How Galileo Found the Density of Air

(Two New Sciences, Page 79)

 

As to the other question, namely, how to determine the specific gravity of air, I have employed the following method. I took a rather large glass bottle with a narrow neck and attached to it a leather cover, binding it tightly about the neck of the bottle: in the top of this cover I inserted and firmly fastened the valve of a leather bottle, through which I forced into the glass bottle, by means of a syringe, a large quantity of air. And since air is easily condensed one can pump into the bottle two or three times its own volume of air. After this I took an accurate balance and weighed this bottle of compressed air with the utmost precision, adjusting the weight with fine sand. I next opened the valve and allowed the compressed air to escape; then replaced the flask upon the balance and found it perceptibly lighter: from the sand which had been used as a counterweight I now removed and laid aside as much as was necessary to again secure balance. Under these conditions there can be no doubt but that the weight of the sand thus laid aside represents the weight of the air which had been forced into the flask and had afterwards escaped.

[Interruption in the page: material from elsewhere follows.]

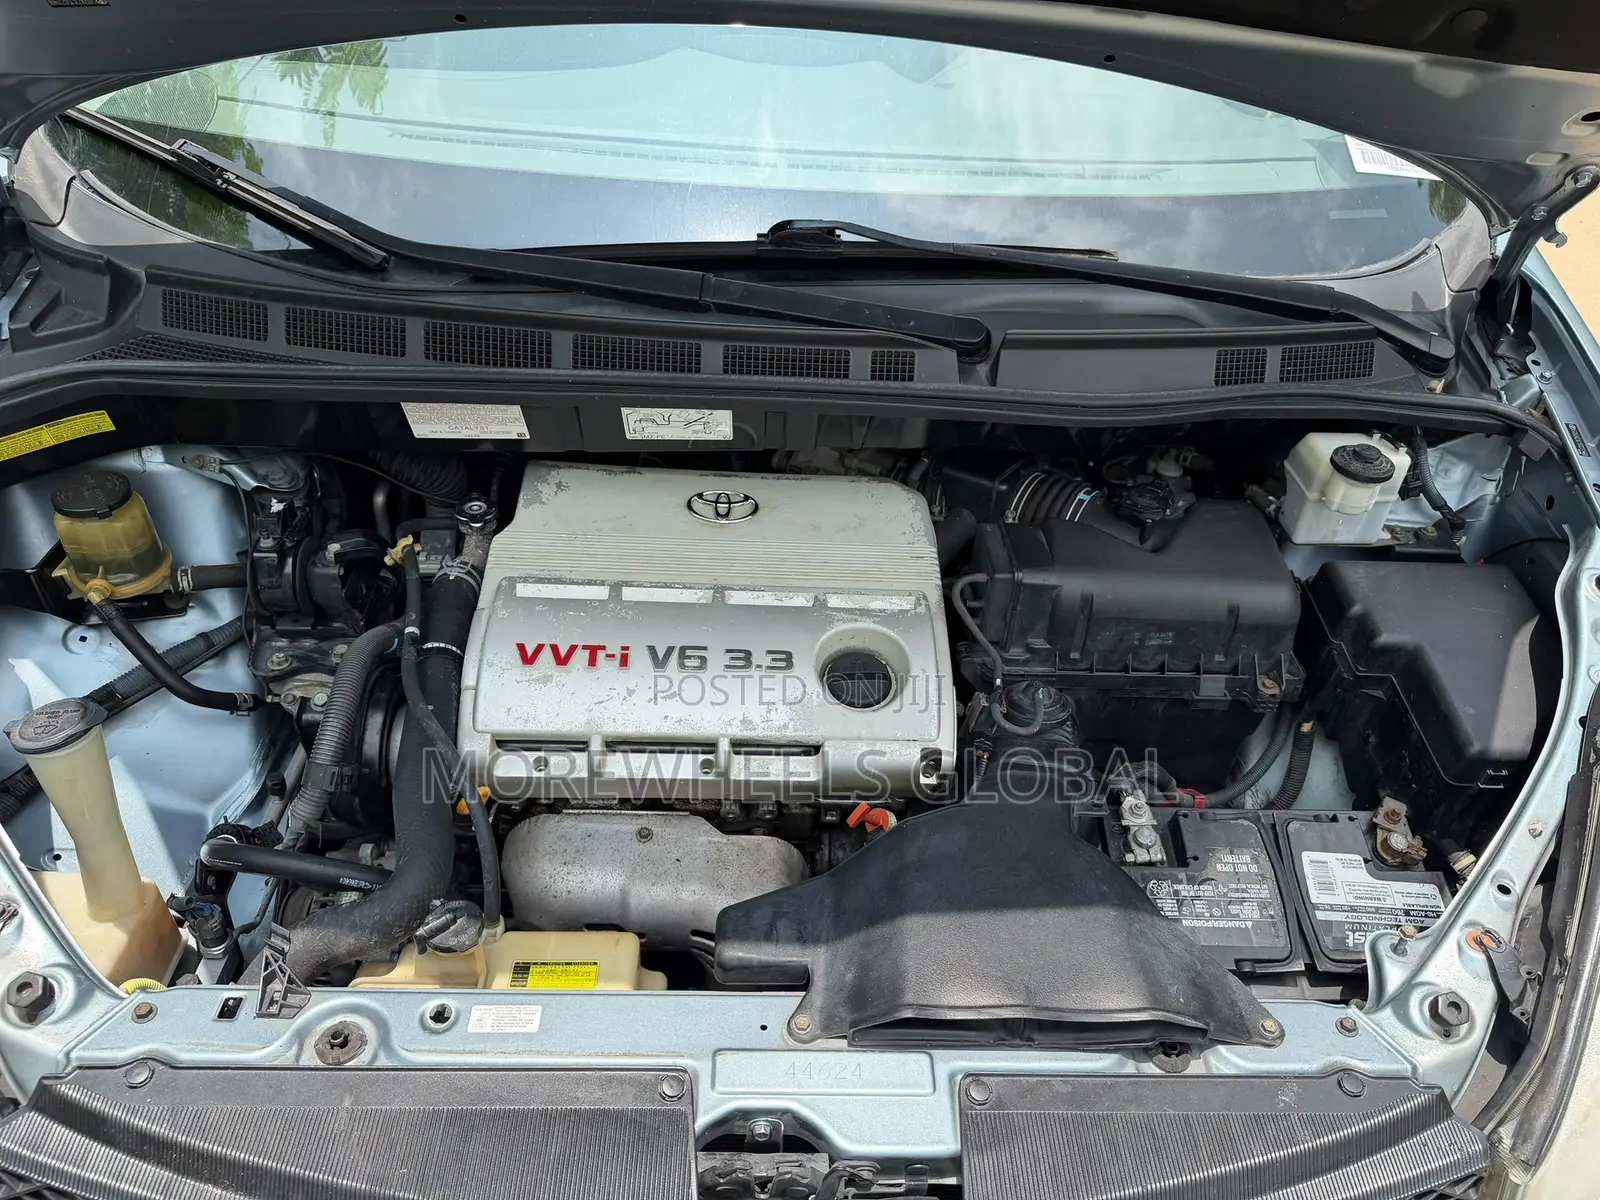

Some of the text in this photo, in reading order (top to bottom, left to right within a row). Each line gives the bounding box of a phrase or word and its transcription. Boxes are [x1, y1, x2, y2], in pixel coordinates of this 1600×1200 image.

But after all this experiment tells me merely that the weight of the compressed air is the same as that of the sand removed from the balance; when however it comes to knowing certainly and definitely the weight of air as compared with that of water or any other heavy substance this I cannot hope to do without first measuring the volume [quantità] of compressed air; for this measurement I have devised the two following methods.

 

According to the first method one takes a bottle with a narrow neck similar to the previous one; over the mouth of this bottle is slipped a leather tube which is bound tightly about the neck of the flask; the other end of this tube embraces the valve attached to the first flask and is tightly bound about it. This second flask is provided with a hole in the bottom through which an iron rod can be placed so as to open, at will, the valve above mentioned and thus permit the surplus air of the first to escape after it has once been weighed: but his second bottle must be filled with water. Having prepared everything in the manner above described, open the valve with the rod; the air will rush into the flask containing the water and will drive it through the hole at the bottom, it being clear that the volume [quantità] of water thus displaced is equal to the volume [mole e quantità] of air escaped from the other vessel. Having set aside this displaced water, weigh the vessel from which the air has escaped (which is supposed to have been weighed previously while containing the compressed air), and remove the surplus of sand as described above; it is then manifest that the weight of this sand is precisely the weight of a volume [mole] of air equal to the volume of water displaced and set aside; this water we can weigh and find how many times its weight contains the weight of the removed sand, thus determining definitely how many times heavier water is than air; and we shall find, contrary to the opinion of Aristotle, that this is not 10 times, but, as our experiment shows, more nearly 400 times.

 

The second method is more expeditious and can be carried out with a single vessel fitted up as the first was. Here no air is added to that which the vessel naturally contains but water is forced into it without allowing any air to escape; the water thus introduced necessarily compresses the air. Having forced into the vessel as much water as possible, filling it, say, three-fourths full, which does not require any extraordinary effort, place it upon the balance and weigh it accurately; next hold the vessel mouth up, open the valve, and allow the air to escape; the volume of the air thus escaping is precisely equal to the volume of water contained in the flask. Again weigh the vessel which will have diminished in weight on account of the escaped air; this loss in weight represents the weight of a volume of air equal to the volume of water contained in the vessel.